Requirement of focal adhesion kinase in branching tubulogenesis

Epithelial branching tubulogenesis plays an essential role in the development of several tissues such as kidney, lung, salivary and mammary glands, and the study of the underlying mechanisms has been of both basic and clinical interest. Mardin-Darby canine kidney (MDCK) cells cultured in collagen gel are widely used as the simplest and most convenient model for studying tubulogenesis.
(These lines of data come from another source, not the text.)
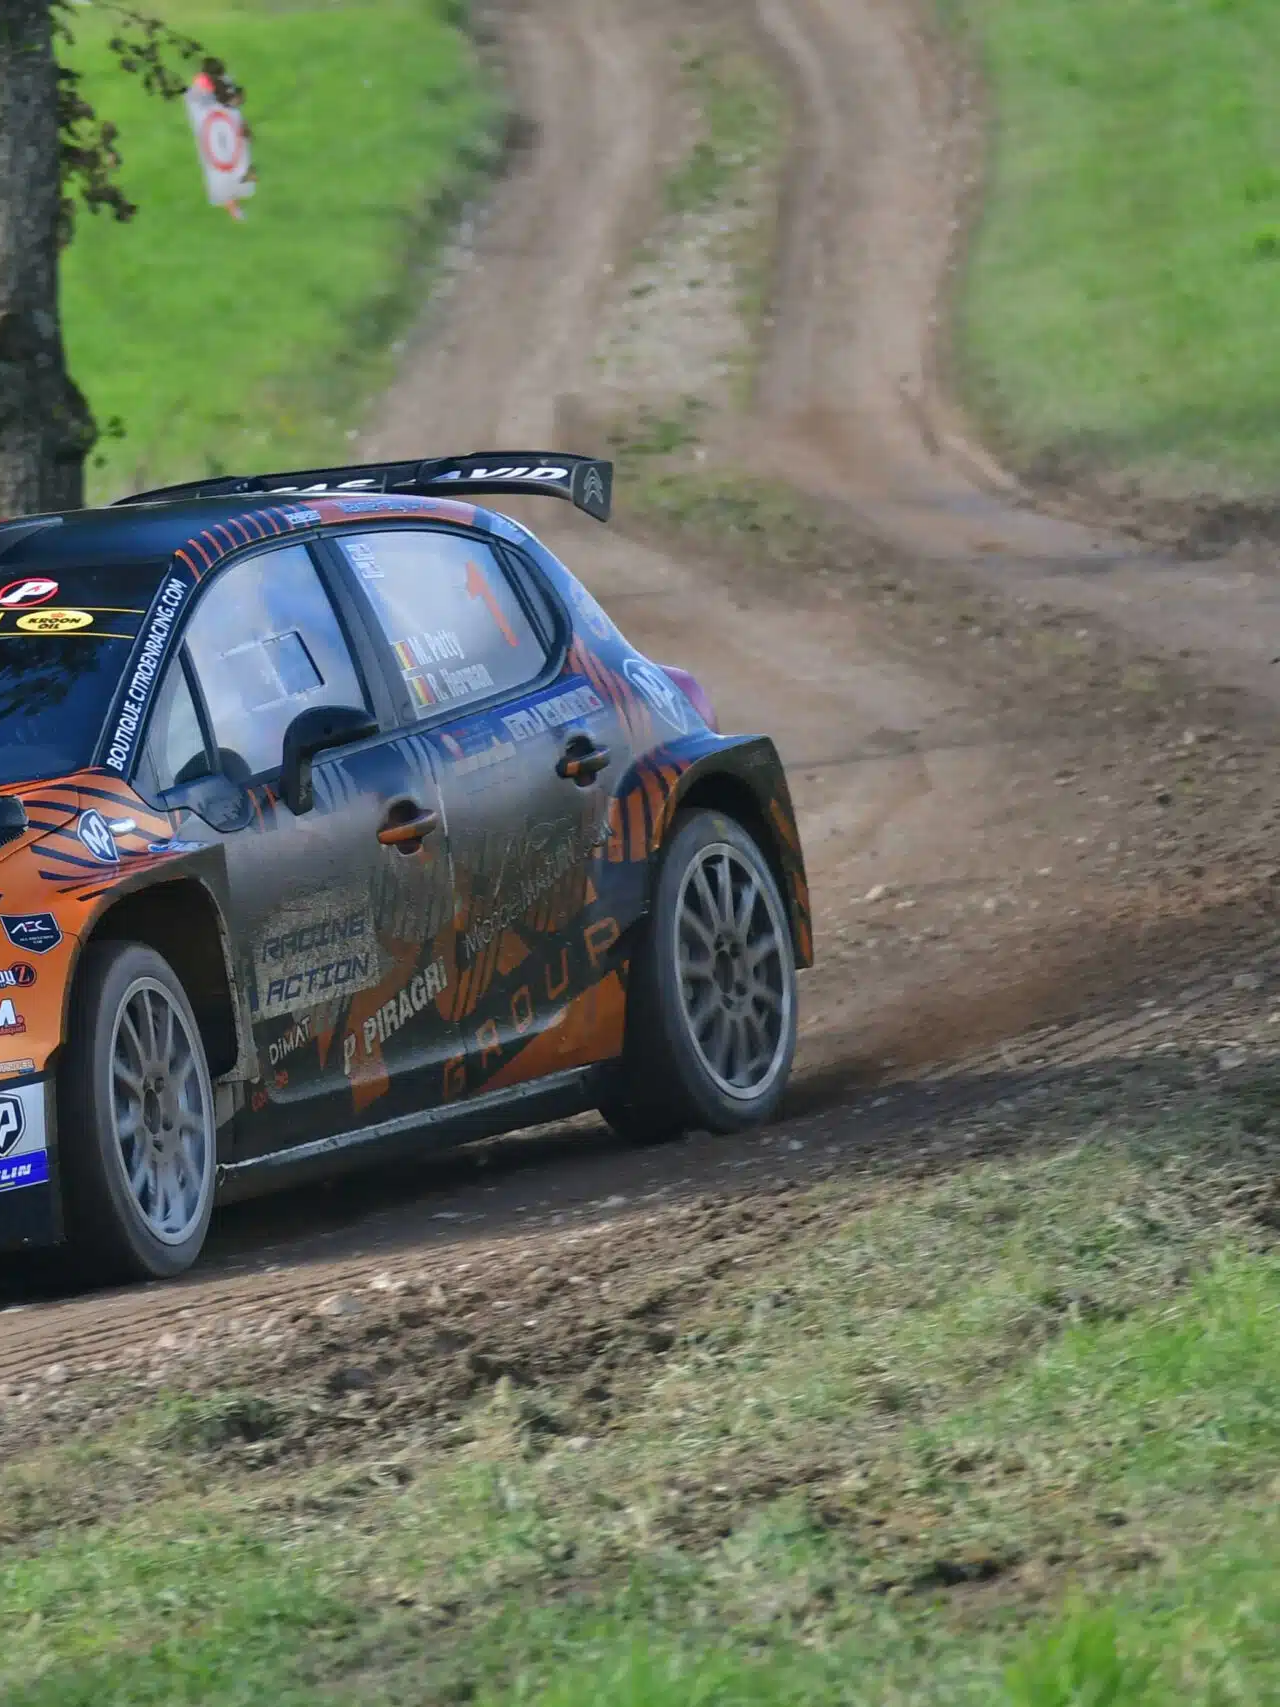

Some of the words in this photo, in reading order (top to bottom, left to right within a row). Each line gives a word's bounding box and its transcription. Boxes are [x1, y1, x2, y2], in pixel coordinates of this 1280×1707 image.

[28, 616, 81, 625] KROON
[37, 622, 60, 630] OIL
[106, 578, 187, 771] BOUTIQUE.CITROENRACING.COM
[263, 915, 366, 964] RACING
[266, 952, 370, 1006] ACTION
[363, 956, 448, 1055] PIRAGRI
Clone II 3B5, isolated from MDCK cells, can undergo morphogenesis and develop into polarized, elongated and branching tubule structures under the stimulation of hepatocyte growth factor (HGF) [1,2]. In our previous study, we successfully isolated several MDCK sub-clones, y224 and m634, that exhibited either cystic or tubular phenotypes in low concentration of collagen gel without HGF stimulation [3,4]. These cells became excellent models for studying novel regulatory mechanisms of branching tubulogenesis.It has been demonstrated that extracellular matrix proteins (ECM) are key regulators for branching morphogenesis. Fibronectin, for example, is synthesized by groups of adherent cells that assemble it into a fibrillar network [5,6]. Fibronectin is known to provide survival cues for MDCK cell morphogenesis and development of mouse submandibular salivary gland, kidney as well as lung [7-9]. Laminin, another example of ECM, is crucial in the end bud persistence and ductal elongation in the developing mammary gland [10]. Despite the importance of extracellular matrix proteins, integrins (the membrane receptors of ECM) are also of particular significance, as the potential of branching tubulogenesis in MDCK cells was inhibited by the decrease in α3 integrin expression [3]. Monoclonal antibodies against either α6 or β1 subunit were shown to reduce kidney tubulogenesis in vitro [11], while temporal and spatial changes in integrin expression promoted branching morphogenesis of the developing collecting system in vivo [12].Focal adhesion proteins are downstream of ECM and interact with integrins.